Segment Start: PROVIDED MATERIAL

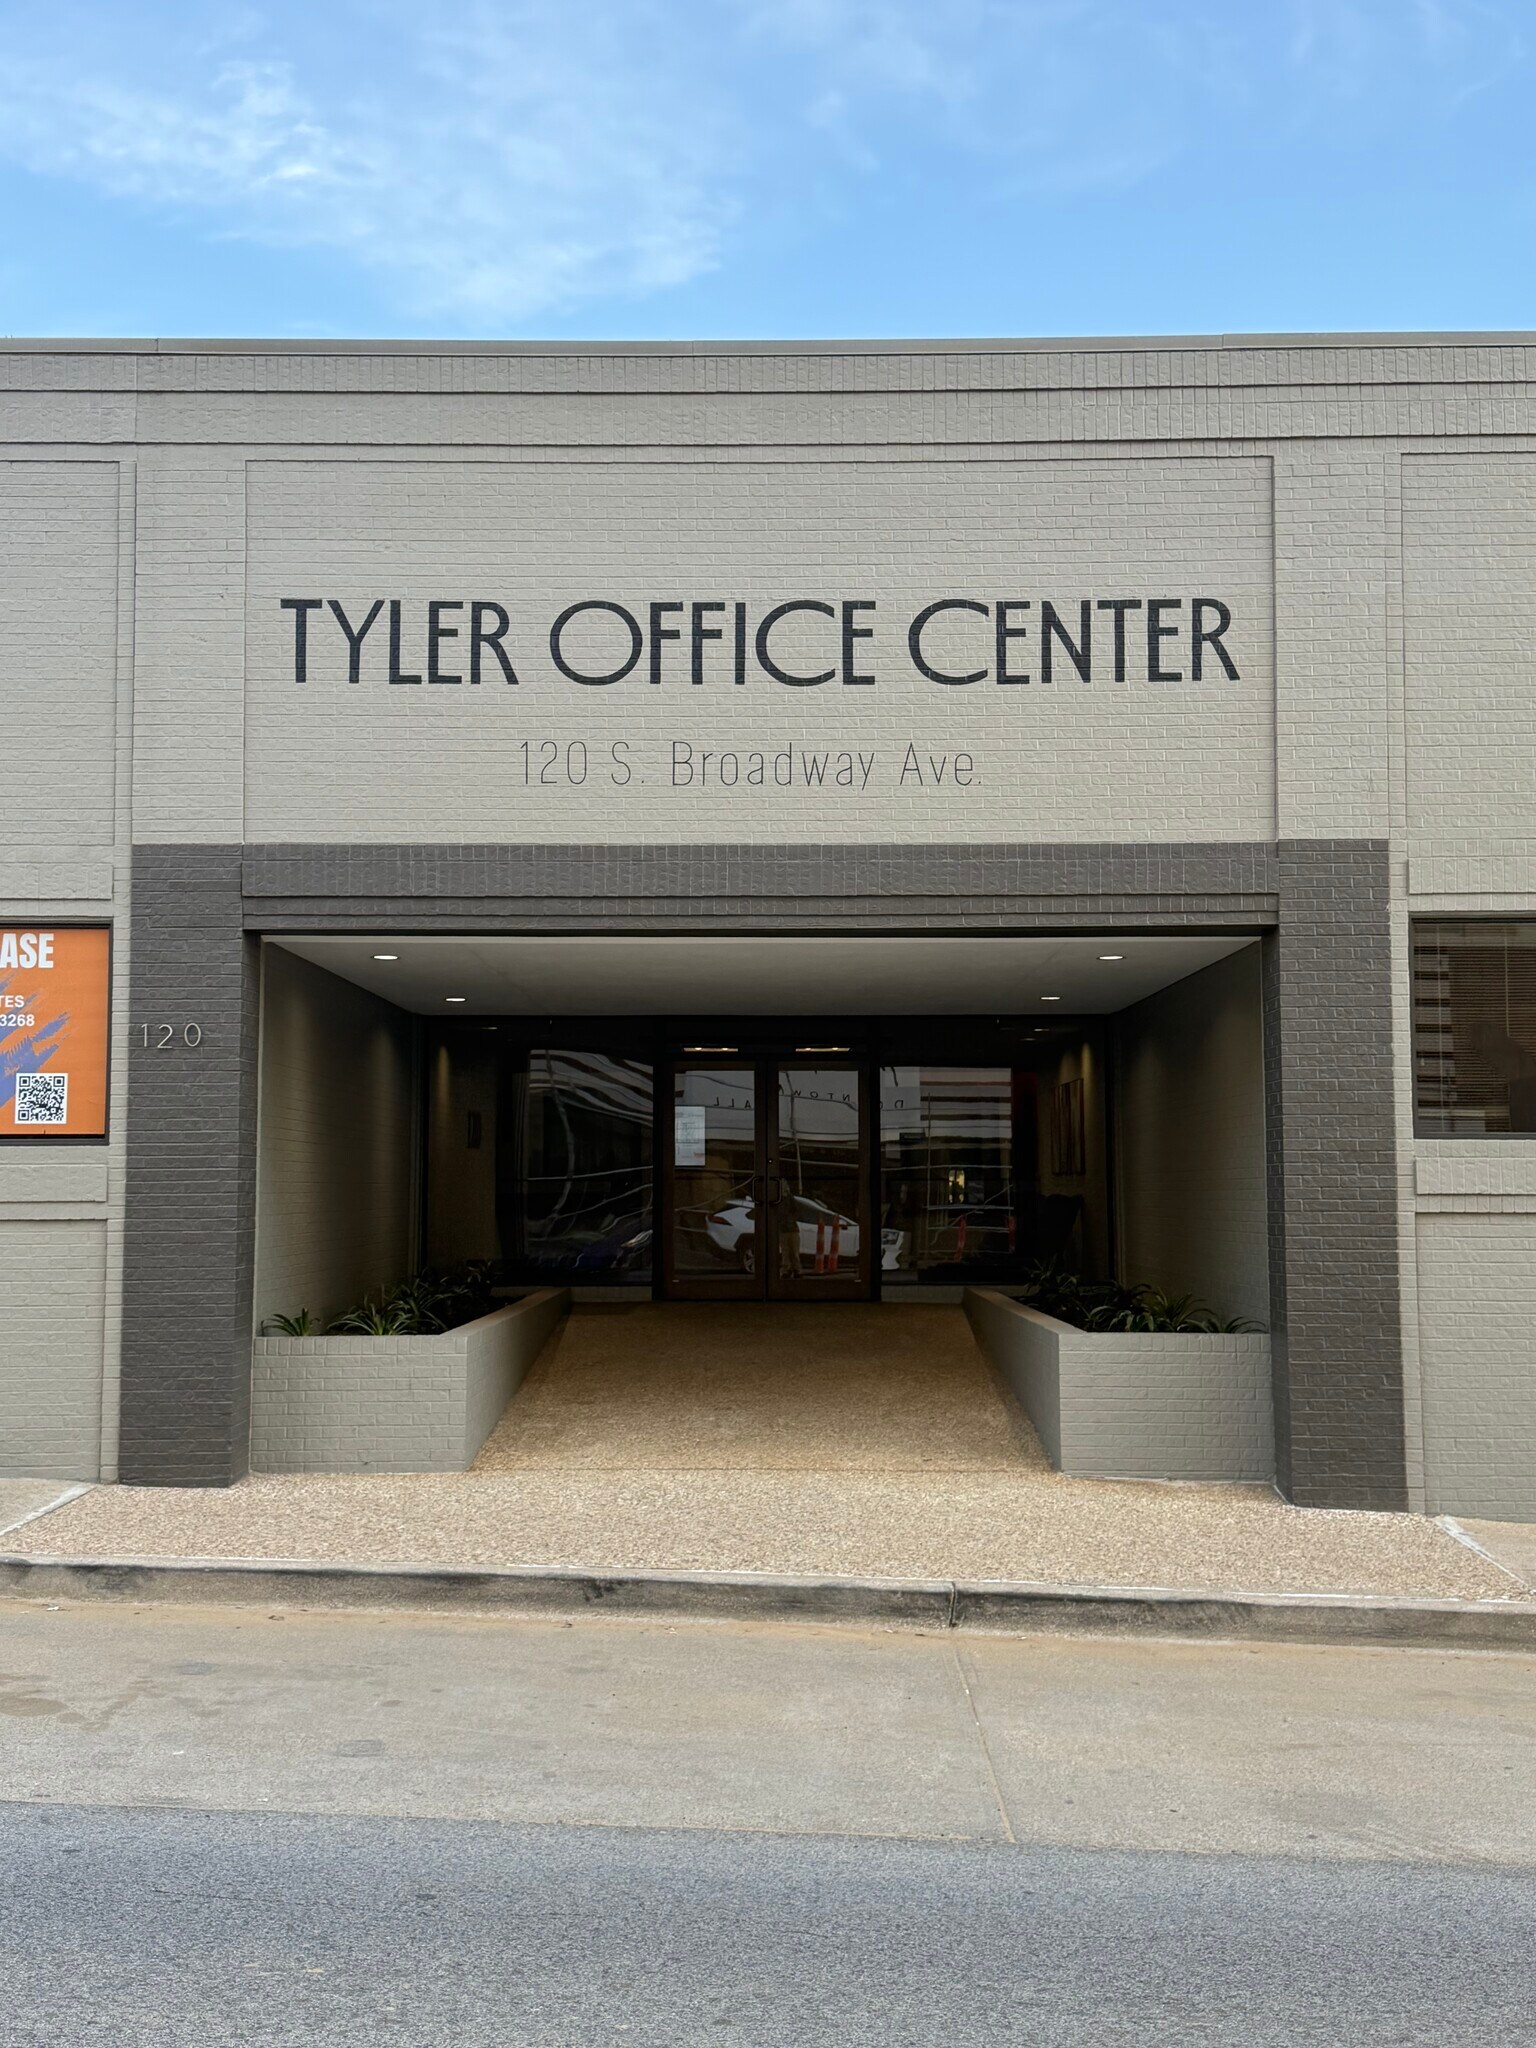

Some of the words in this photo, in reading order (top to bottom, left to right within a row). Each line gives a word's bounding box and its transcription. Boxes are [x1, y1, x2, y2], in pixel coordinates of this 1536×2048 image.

[279, 598, 519, 685] TYLER
[549, 600, 877, 687] OFFICE
[908, 598, 1241, 686] CENTER
[519, 740, 588, 785] 120
[610, 741, 646, 785] S.
[672, 740, 875, 791] Broadway
[899, 741, 982, 787] Ave.
[140, 1022, 202, 1049] 120

Segment End: PROVIDED MATERIAL

THE TASK: Please write out all the data word for word, but keep every picture out.

OUTPUT FOR THIS TASK:
Some of the words in this photo, in reading order (top to bottom, left to right within a row). Each line gives a word's bounding box and its transcription. Boxes are [x1, y1, x2, y2], in pixel coordinates of this 1536×2048 image.

[279, 598, 519, 685] TYLER
[549, 600, 877, 687] OFFICE
[908, 598, 1241, 686] CENTER
[519, 740, 588, 785] 120
[610, 741, 646, 785] S.
[672, 740, 875, 791] Broadway
[899, 741, 982, 787] Ave.
[140, 1022, 202, 1049] 120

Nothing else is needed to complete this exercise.